2024 será el año donde se dará inicio al ciclo de recortes de tasas por parte de la FED y entendemos que las acciones son las tienden a mostrar una mejora en los precios en estas situaciones. Por otro lado, históricamente los finales de ciclo de ajuste de la FED son un buen momento para agregar riesgo de tasa de interés a los portafolios.
Sin embargo, debemos mantenernos alerta con relación a alguna eventual recesión, la cual ha sucedido en ciclos de recorte de tasas anteriores y sería sin dudas, una mala noticia para la renta variable. A su vez, vemos algunas valuaciones bastante elevadas en el mercado americano, en especial en ciertos sectores (Especialmente tecnológicas), a excepción de mercados tal como América Latina, donde vemos oportunidades a mediano plazo.
Desde el equipo de Research de IOL creen que “el recorte de tasas puede darse con mayores probabilidades entre el segundo y el cuarto trimestre. En este sentido, posicionarse en activos que correlacionan negativamente con la baja de tasas como empresas de baja capitalización o activos de países emergentes que se beneficien del precio de los commodities sería una alternativa posible”
Según expone Balanz y análisis al cual adherimos “La compensación extra por tomar riesgo entre la renta variable y la renta fija (medida a través de la diferencia entre el earning yield del S&P500 y la tasa del tesoro a 10 años) se encuentra a escasos 117 pbs, el nivel más bajo desde 2004. Para el próximo año vemos un escenario de volatilidad en los precios de las acciones ya que, si bien la FED buscará cuidar el soft landing, cualquier indicio de desaceleración de la actividad podría generar una presión extra sobre la renta variable. Sin embargo, a diferencia del 2023, creemos que las caídas marcadas en los precios de las acciones representarían una oportunidad para ir agregando posiciones de renta variable en los portafolios”.
Por nuestro lado, entendemos que para este 2024 será fundamental invertir en activos de alta calidad y baja volatilidad. Ante un escenario de desaceleración de la actividad, posicionarse en compañías que tengan poder de fijación de precios y balances estables, puede ser una buena opción de posicionamiento, como así también, ciertos casos de compañías rezagadas respecto de sus valuaciones.
Tampoco creemos que sea necesario apurarse a comprar equity, sino hacerlo de manera secuencial, donde a su vez, imaginamos que la segunda mitad del 2024 muestre un escenario más favorable para tomar riesgo dentro de la renta variable. Por último, tenemos preferencias a índices americanos por fuera del boom de las “7 magníficas”, como así también en empresas de pequeña capitalización (IWM) y sector financiero (XLF), el cual fue muy castigado en 2023.

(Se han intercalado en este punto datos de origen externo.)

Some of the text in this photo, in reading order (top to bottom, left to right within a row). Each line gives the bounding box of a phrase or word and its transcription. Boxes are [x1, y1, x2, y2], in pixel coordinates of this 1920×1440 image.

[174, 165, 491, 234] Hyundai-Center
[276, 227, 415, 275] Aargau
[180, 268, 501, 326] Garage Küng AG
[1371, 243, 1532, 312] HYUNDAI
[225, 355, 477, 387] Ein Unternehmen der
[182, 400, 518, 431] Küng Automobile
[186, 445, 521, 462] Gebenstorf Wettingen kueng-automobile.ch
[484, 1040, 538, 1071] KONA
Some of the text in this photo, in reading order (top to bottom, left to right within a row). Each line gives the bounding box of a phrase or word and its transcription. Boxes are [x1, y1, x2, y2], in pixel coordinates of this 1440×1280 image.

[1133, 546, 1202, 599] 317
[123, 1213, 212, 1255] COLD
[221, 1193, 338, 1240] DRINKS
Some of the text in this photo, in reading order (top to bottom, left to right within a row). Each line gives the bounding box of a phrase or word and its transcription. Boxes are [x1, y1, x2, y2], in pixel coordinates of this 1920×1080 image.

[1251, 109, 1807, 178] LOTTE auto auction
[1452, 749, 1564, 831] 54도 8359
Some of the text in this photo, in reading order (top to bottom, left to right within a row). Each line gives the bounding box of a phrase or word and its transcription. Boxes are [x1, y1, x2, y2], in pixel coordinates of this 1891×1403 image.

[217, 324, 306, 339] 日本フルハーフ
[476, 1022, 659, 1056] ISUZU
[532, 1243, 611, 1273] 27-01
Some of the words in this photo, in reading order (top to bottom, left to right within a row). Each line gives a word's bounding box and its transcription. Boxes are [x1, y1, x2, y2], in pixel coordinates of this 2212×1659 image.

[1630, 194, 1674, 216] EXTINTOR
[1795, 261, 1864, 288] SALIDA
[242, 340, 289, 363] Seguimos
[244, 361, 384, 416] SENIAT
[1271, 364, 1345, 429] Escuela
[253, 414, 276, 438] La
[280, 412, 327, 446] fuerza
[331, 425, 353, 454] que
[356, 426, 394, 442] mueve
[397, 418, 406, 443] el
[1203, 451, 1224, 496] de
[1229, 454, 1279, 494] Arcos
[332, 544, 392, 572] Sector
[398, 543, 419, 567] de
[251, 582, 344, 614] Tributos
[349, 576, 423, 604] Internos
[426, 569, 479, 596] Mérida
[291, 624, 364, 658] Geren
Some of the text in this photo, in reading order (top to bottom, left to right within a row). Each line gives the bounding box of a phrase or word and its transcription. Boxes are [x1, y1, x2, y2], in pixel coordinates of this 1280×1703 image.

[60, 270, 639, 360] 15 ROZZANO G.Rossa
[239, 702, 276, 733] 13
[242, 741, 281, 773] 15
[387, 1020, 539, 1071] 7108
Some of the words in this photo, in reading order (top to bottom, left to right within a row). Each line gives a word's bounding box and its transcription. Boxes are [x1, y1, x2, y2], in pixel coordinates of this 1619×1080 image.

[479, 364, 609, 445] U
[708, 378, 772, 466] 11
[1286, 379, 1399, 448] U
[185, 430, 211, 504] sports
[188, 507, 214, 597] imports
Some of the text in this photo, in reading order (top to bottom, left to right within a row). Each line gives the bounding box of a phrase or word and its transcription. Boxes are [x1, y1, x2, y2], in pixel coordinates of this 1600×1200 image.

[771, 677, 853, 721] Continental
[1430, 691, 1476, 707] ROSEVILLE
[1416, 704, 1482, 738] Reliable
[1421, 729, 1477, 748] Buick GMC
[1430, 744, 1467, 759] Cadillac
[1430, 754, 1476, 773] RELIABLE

A su vez -y un detalle no menor- es que tendremos elecciones presidenciales en USA donde la carrera hacia la Casa Blanca ya comenzó ¿Se dará de nuevo una contienda entre Biden y Trump? Acá les dejamos un roadmap con los eventos más importantes de las elecciones donde el mercado seguramente estará muy atento. Más allá de ello, los años electorales suelen mostrar rendimientos positivos en los índices accionarios, con lo cual, no hay que asustarse, pero sí seguir estos eventos de cerca.